One of the best lifestyle changes you can make is to commit to eating clean. But just as with every other new undertaking, you need to take the time to learn. There are a ton of myths and misunderstandings about what clean eating really is and isn’t, and they can lead you down the wrong path.
Clean eating is about eating whole foods. It’s about eliminating foods that have unhealthy additives from our diets. It’s about staying away from processed foods and avoiding chemicals, added colors and sugars. Knowing what clean eating is includes knowing what it’s not, and that’s where our list of top 5 clean eating mistakes comes in. Read on to help yourself avoid the most common pitfalls people make as they start their clean eating journey.
1. People think eating clean means going on a diet.
The idea behind eating clean is that you’re giving your body healthy fuel. You don’t do it to lose weight. You don’t leave out foods based on their fat content or stop eating because you’ve reached some arbitrary calorie count. You focus on nutrients that are best found in whole foods, while staying away from processed foods. When you identify foods to stay away from, it’s because other foods are better for you – not because you should eat less food.
2. People follow fads instead of learning.
When it comes to nutrition, you should make decisions based on good information that is pertinent to you and your goals. If you want to eat clean, that means you want to eat whole foods It is not the same as eating gluten free, or organic, or vegetarian. Clean eating involves lean proteins, nuts, seeds, whole fruits and vegetables. It’s about giving yourself the fuel to power your body without unnecessary additives or processing.

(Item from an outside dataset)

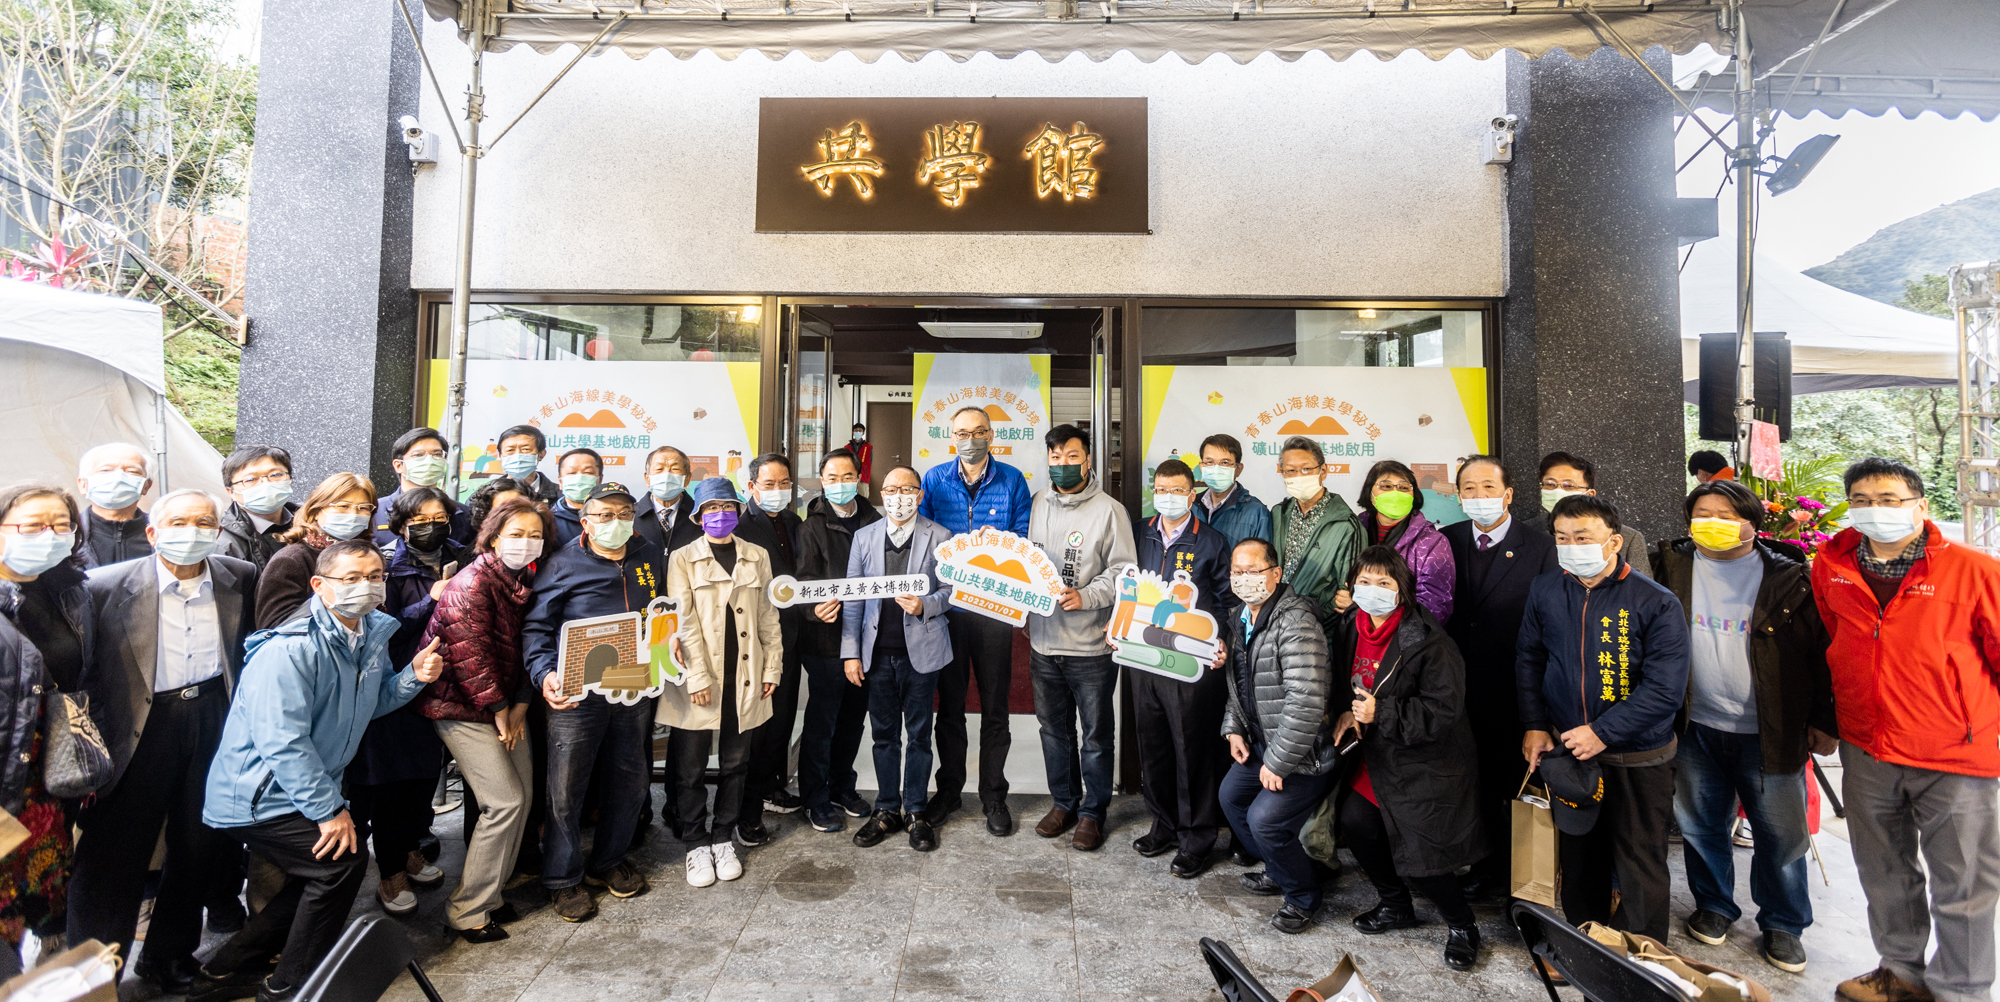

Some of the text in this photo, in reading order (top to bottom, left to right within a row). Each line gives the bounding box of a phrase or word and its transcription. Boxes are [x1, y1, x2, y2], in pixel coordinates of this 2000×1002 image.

Don’t get distracted by fats, an Instagram feed, or by your friend’s diet ideas.
3. People think eating clean skips certain food groups
If the clean eating diet you’re following leaves out entire food groups or macronutrients, then you’re not doing it right. You want to make sure that you are getting well rounded nutrition from a variety of clean sources. Cutting things out is a recipe for leaving out important nutrients.
4. Foods you think are clean really aren’t
We’ve all been fooled by foods that pretend to be good for us when they really aren’t. Granolas filled with sugar. Protein and energy bars loaded with fats and chemicals. Bars offer convenience that can’t be denied, but try to stick to the ones that have ten ingredients or less to keep them as clean as possible. These bars should be used as a last resort in a pinch.
5. You think because it’s clean, you can eat as much of it as you want
Eating whole, clean foods packed with nutrients is a good thing, but you can have too much of a good thing. Remember that your goal is to give your body the fuel that it needs, and not more than that.